AmberUK
Member
From: Hampshire UK
Registered: 2007-03-19
Posts: 128
Website
I tried last week to explain the Heisig method to my Japanese teacher, I failed of course. So at class this week I took in the book and showed it to her. Even with the book it was hard to explain (she started saying how this wasn't a kanji and this wasn't - they were primitives). So I lent her the book because I said that the intro at the start was worth a read. Even if you didn't subscribe to his method/stories it was an interesting slant on non kanji users needing a different way to learn kanji than natives/people immersed. I said anyhow it would be good to have a week where I could take a break from trying to learn kanji. But i found myself looking on the story lists yesterday. I kept meaning to do it when I had the book. (I have been struggling to make good stories up). But I knew what number I was at, typed it in and read through the stories. When I found a few that I liked I rechecked the kanji and the primitives and worked out which were best and wrote out a card for them. Completely forgot about them all day. This morning looked at the keywords and knew them straight away, so tried a couple more. Yeah more success.

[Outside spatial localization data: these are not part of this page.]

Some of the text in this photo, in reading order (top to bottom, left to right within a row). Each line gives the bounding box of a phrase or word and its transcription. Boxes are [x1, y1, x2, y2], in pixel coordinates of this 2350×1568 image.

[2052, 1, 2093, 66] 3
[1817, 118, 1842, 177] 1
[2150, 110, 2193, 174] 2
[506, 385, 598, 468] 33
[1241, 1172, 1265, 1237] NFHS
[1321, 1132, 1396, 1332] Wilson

I think a few things are helping: only being able to see one kanji at a time allows me to not feel hassled to move on when I should not. But also its helping me with stories which even at #825 I am still not getting right. I have been too worried that I have 2000+ to do and should be finishing in x weeks/months to realise that some people take longer to pick up methods and thats an ok thing.

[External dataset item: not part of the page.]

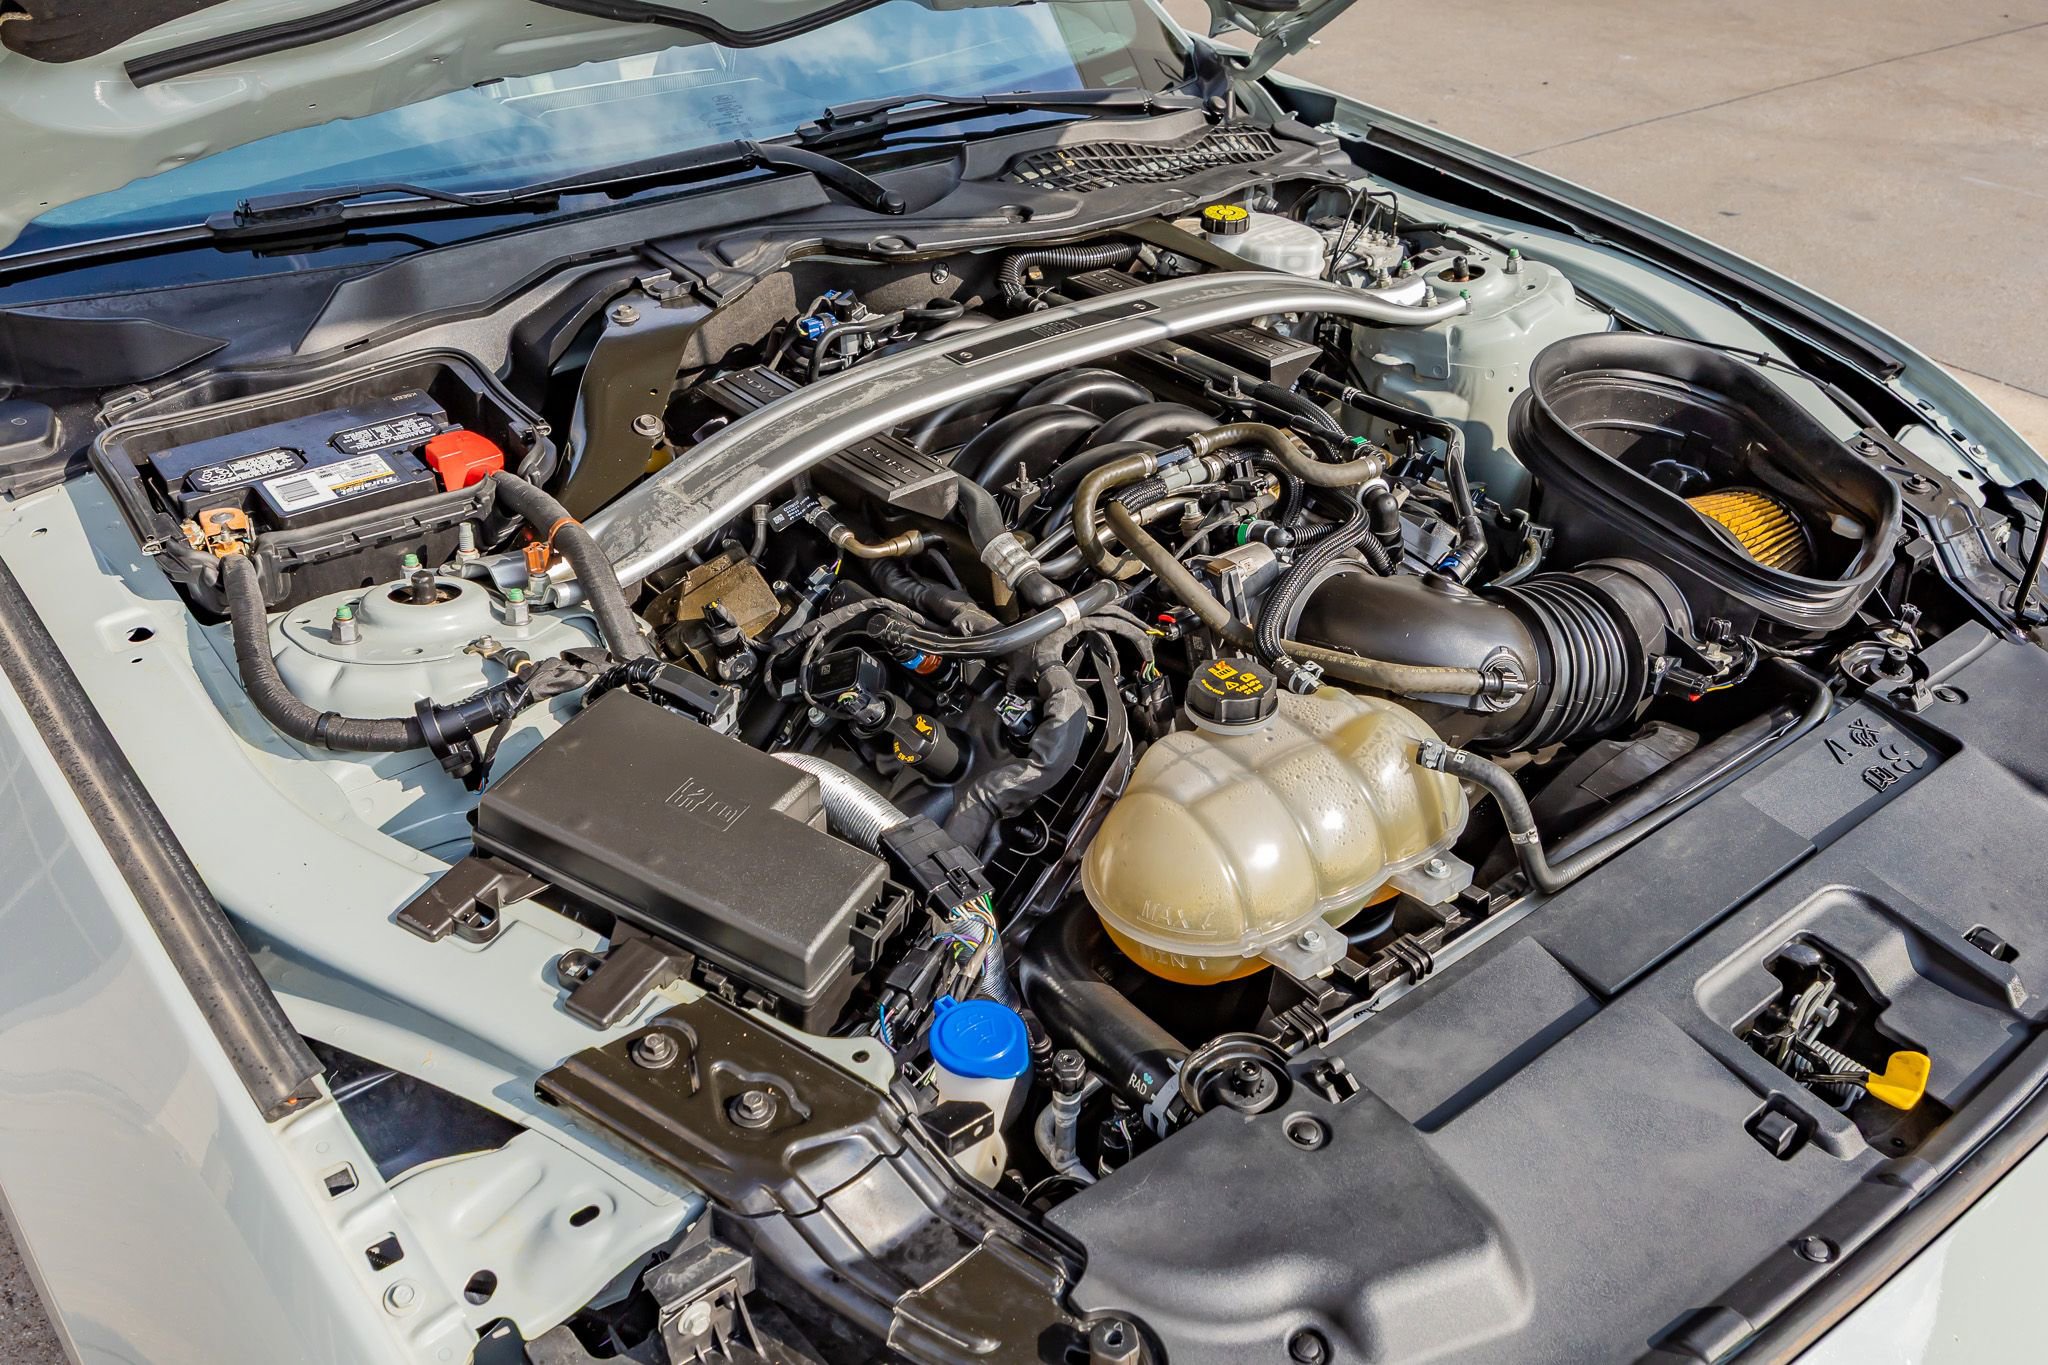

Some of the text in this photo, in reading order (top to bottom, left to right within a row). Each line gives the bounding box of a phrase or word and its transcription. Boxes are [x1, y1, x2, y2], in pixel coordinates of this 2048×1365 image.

[862, 446, 921, 479] FORD
[340, 476, 394, 495] Duralast
[1140, 899, 1190, 930] MAX
[1128, 1072, 1148, 1095] RAD

So thanks to anyone whose put a story in because you have really helped someone like me who is struggling with this method. I would like to add that I have been struggling to use visualisation to memorize vocab in general so I am hoping that it will help me get over that hump too.
Amber
stehr
Member
From: california
Registered: 2007-09-25
Posts: 281
Most of the native, Kanji/Hanzi user's that I've talked with either show great surprise or total indifference to the method used in RTK1. According to one of my professors, it is one of the 6 traditional styles of learning Hanzi. (I guess he meant learning characters by deconstruction of radicals). Either way, some of Heisig's ideas are not exactly original or new to the Japanese people. Open any 1st-3rd grade Japanese kanji books and you will see use of stories and visual aids to learning. The true brilliance to the RTK method is:
1. the order in which the Kanji are presented.
2. The use of English keywords, and
3. The idea that all the kanji should be learned in one stretch.
Combined with visual mnemonic learning, it's no wonder that some manage to become proficient in the meaning and writing of over 2000 kanji in as little as a single month.
@Amber: keep plugging away, your almost at the halfway point and it'll be all downhill after that. It may be helpful to read more about memory enhancing techniques, the following is a site I referred to while going through RTK1:
http://www.mindtools.com/pages/article/newTIM_10.htm
check the "memory improvement" section for more articles.